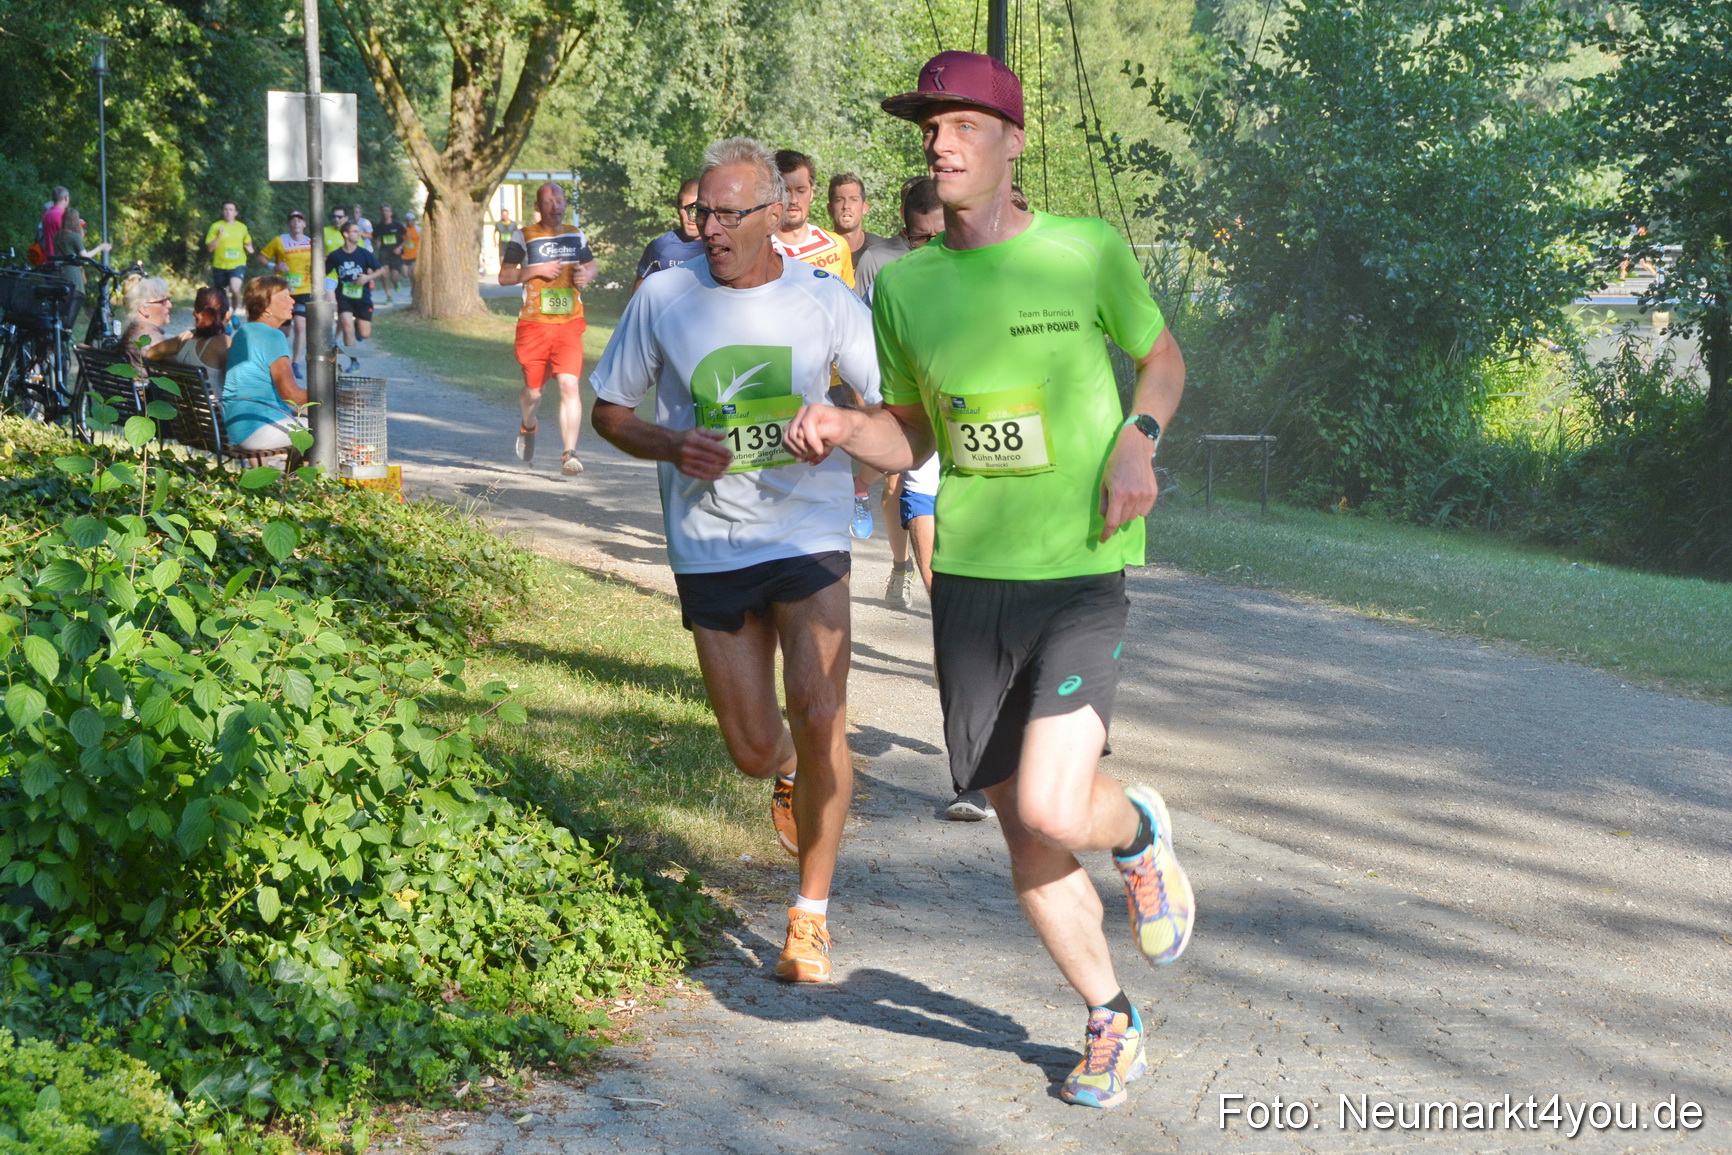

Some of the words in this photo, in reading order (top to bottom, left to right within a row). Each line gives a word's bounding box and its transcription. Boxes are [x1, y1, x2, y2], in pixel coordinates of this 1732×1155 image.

[546, 244, 576, 255] Fischer
[548, 297, 568, 307] 598
[1018, 310, 1040, 318] Team
[1009, 323, 1045, 337] SMART
[1046, 321, 1080, 333] POWER
[728, 423, 782, 451] 139
[960, 421, 1023, 452] 338
[733, 452, 756, 460] ubner
[757, 448, 787, 459] Siegfrie
[971, 453, 993, 461] Kühn
[994, 453, 1021, 461] Marco
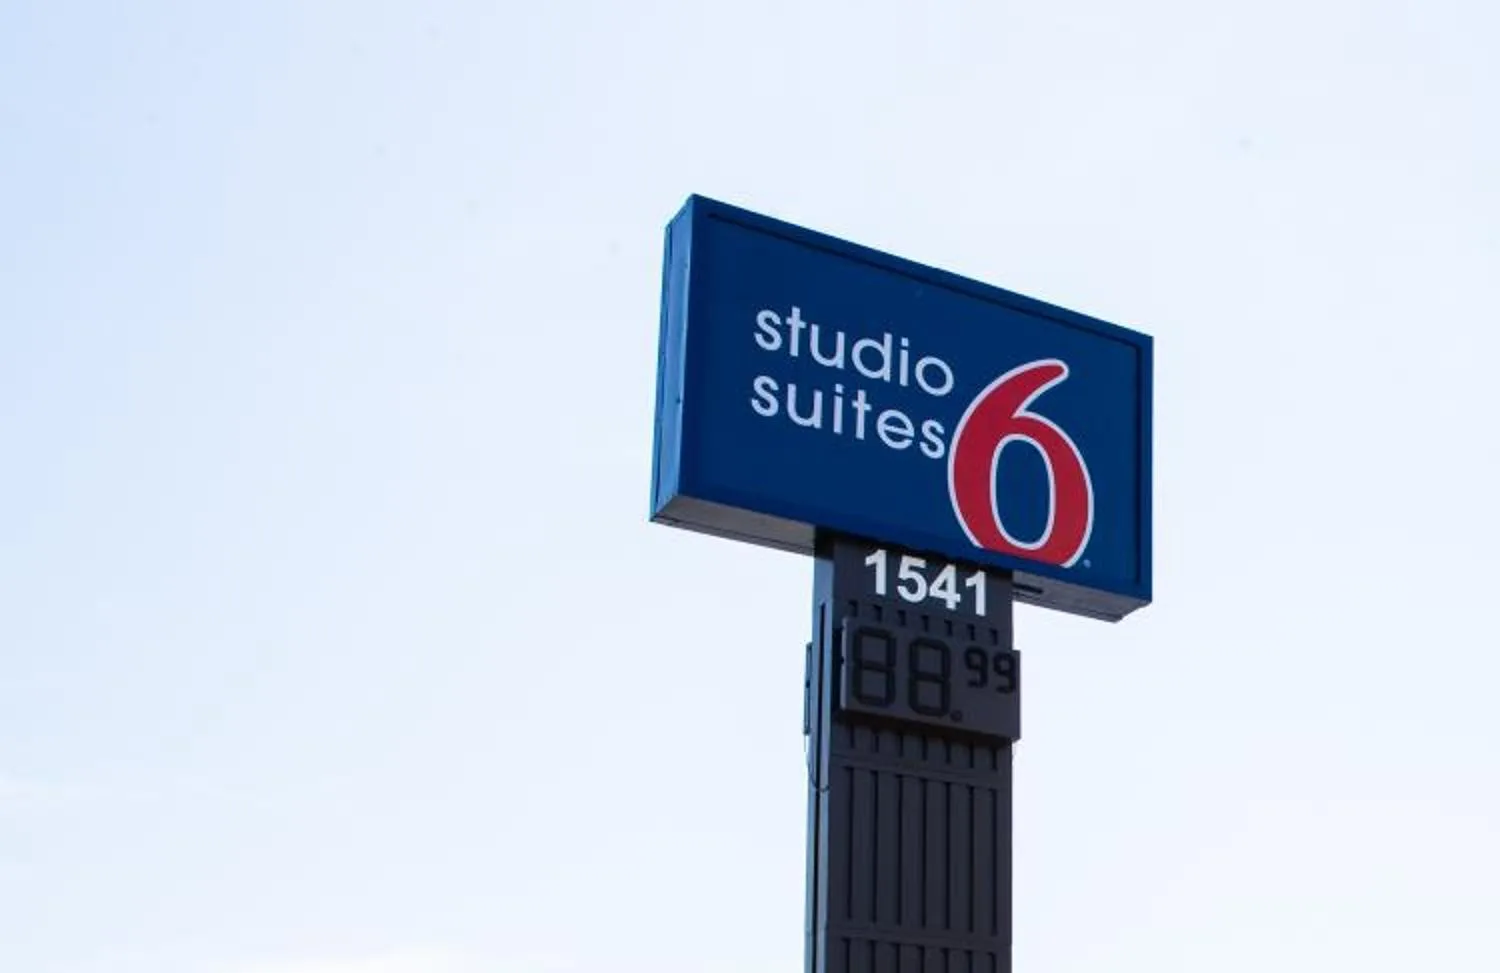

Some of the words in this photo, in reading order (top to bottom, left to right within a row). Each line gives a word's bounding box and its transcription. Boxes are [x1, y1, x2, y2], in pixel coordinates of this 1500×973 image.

[754, 306, 954, 396] studio
[751, 375, 946, 459] suites
[948, 358, 1094, 568] 6
[865, 549, 986, 616] 1541
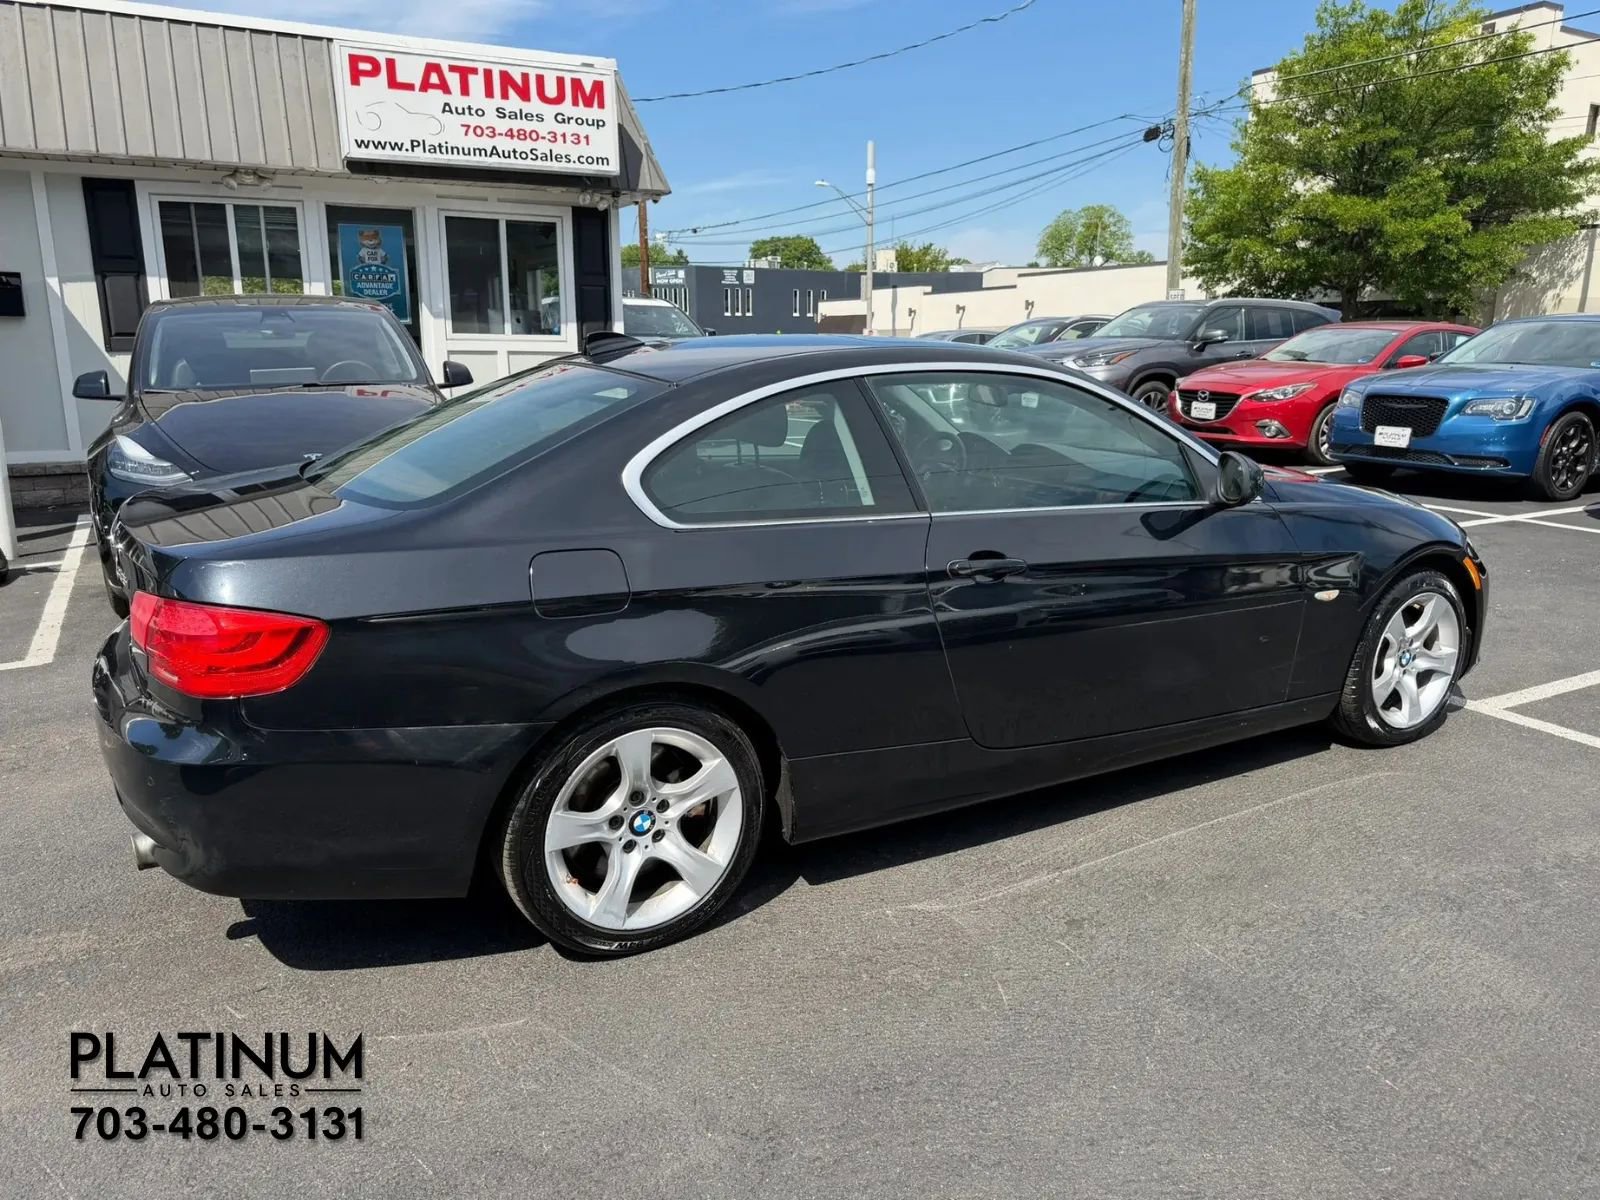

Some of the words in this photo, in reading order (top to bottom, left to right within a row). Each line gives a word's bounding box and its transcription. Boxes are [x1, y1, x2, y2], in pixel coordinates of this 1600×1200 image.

# WHAT YOU ARE ASKED TO DO
Drop the pictures and reproduce the rest of the data above exactly.

# TASK OUTPUT
Some of the words in this photo, in reading order (top to bottom, left to right within a row). Each line gives a word's bounding box and its transcription. Boxes are [x1, y1, x2, y2], in pixel coordinates of this 1732×1155 image.

[546, 244, 576, 255] Fischer
[548, 297, 568, 307] 598
[1018, 310, 1040, 318] Team
[1009, 323, 1045, 337] SMART
[1046, 321, 1080, 333] POWER
[728, 423, 782, 451] 139
[960, 421, 1023, 452] 338
[733, 452, 756, 460] ubner
[757, 448, 787, 459] Siegfrie
[971, 453, 993, 461] Kühn
[994, 453, 1021, 461] Marco

Some of the words in this photo, in reading order (top to bottom, left to right within a row). Each line gives a word's bounding box and its transcription. Boxes are [x1, y1, x2, y2], in pixel coordinates of this 1500×973 image.

[754, 306, 954, 396] studio
[751, 375, 946, 459] suites
[948, 358, 1094, 568] 6
[865, 549, 986, 616] 1541

Some of the words in this photo, in reading order (top to bottom, left to right within a row). Each line gives a word's bounding box and its transcription. Boxes are [x1, y1, x2, y2], in pixel coordinates of this 1600×1200 image.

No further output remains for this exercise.